**Work item:**
Images are to be excluded from the copy, and the records below reproduced word for word.

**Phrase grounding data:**
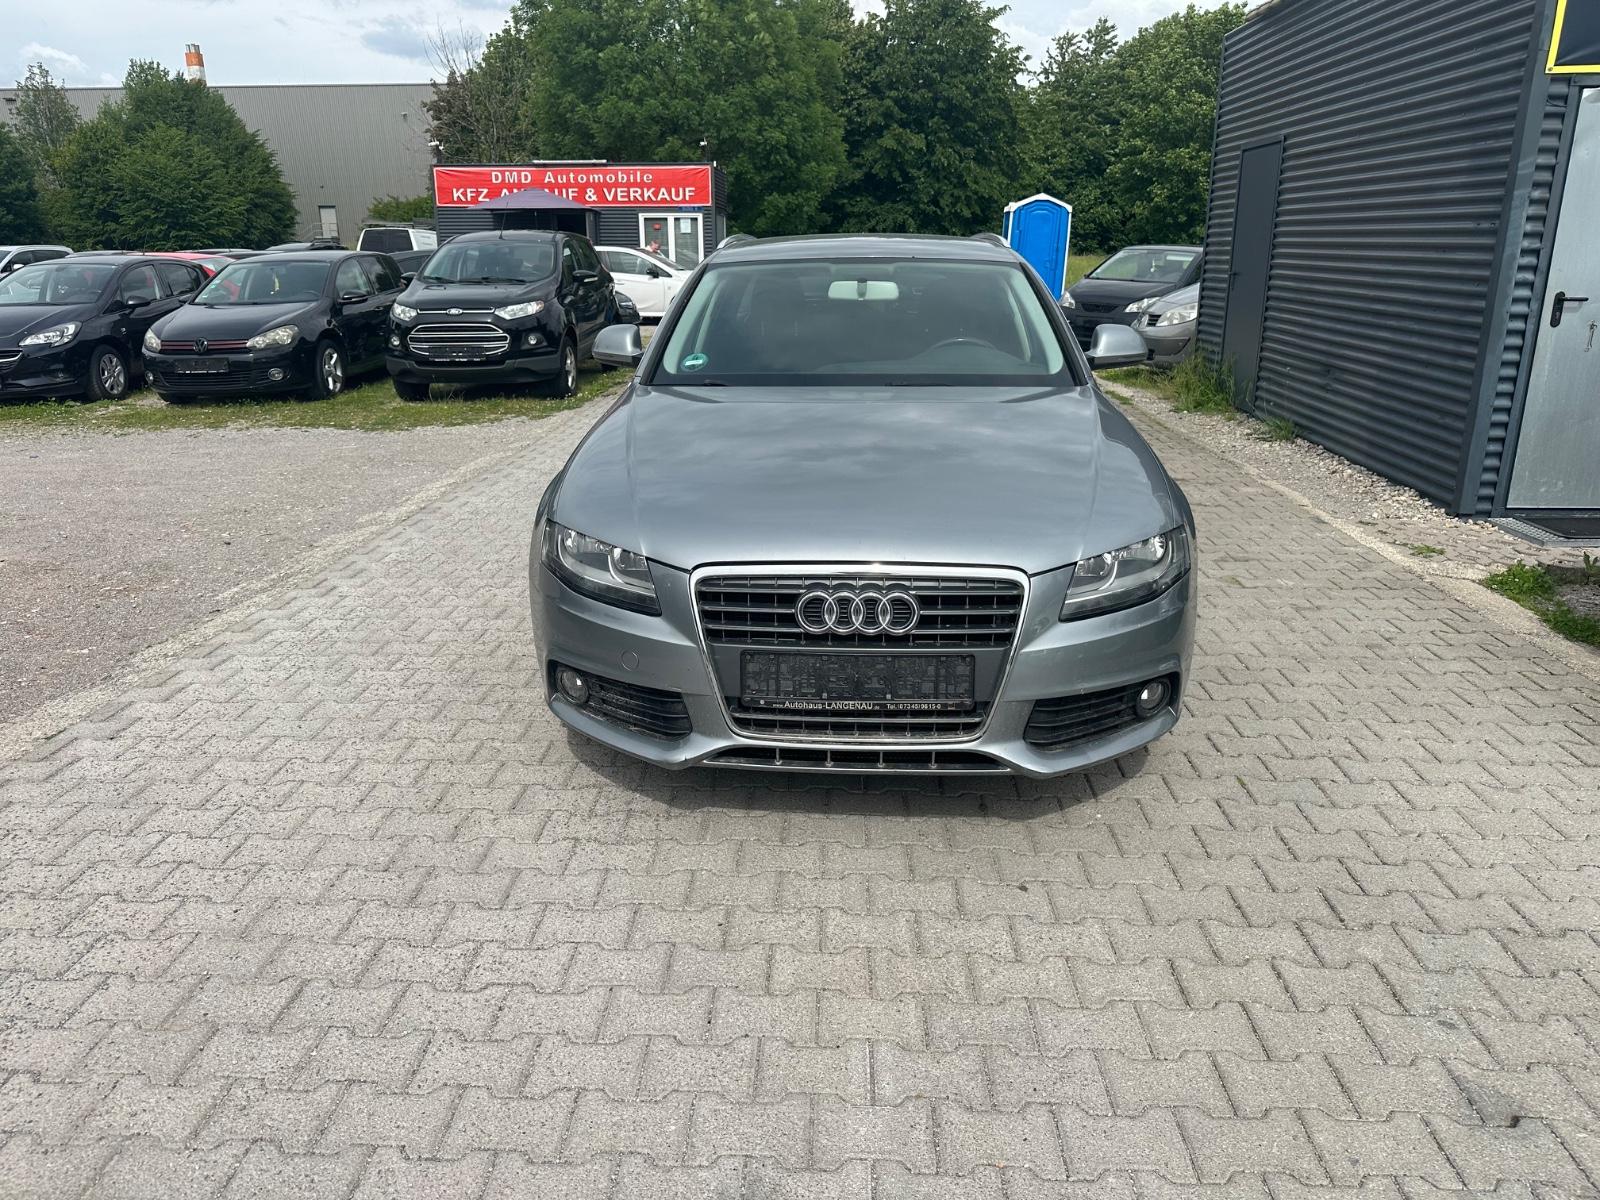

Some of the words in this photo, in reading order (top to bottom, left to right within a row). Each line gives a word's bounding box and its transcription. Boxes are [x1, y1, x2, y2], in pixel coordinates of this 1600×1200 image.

[491, 171, 532, 184] DMD
[544, 171, 654, 184] Automobile
[452, 188, 490, 202] KFZ
[585, 187, 598, 202] &
[603, 187, 696, 202] VERKAUF

**Exercise solution:**
Some of the words in this photo, in reading order (top to bottom, left to right within a row). Each line gives a word's bounding box and its transcription. Boxes are [x1, y1, x2, y2], in pixel coordinates of this 1600×1200 image.

[491, 171, 532, 184] DMD
[544, 171, 654, 184] Automobile
[452, 188, 490, 202] KFZ
[585, 187, 598, 202] &
[603, 187, 696, 202] VERKAUF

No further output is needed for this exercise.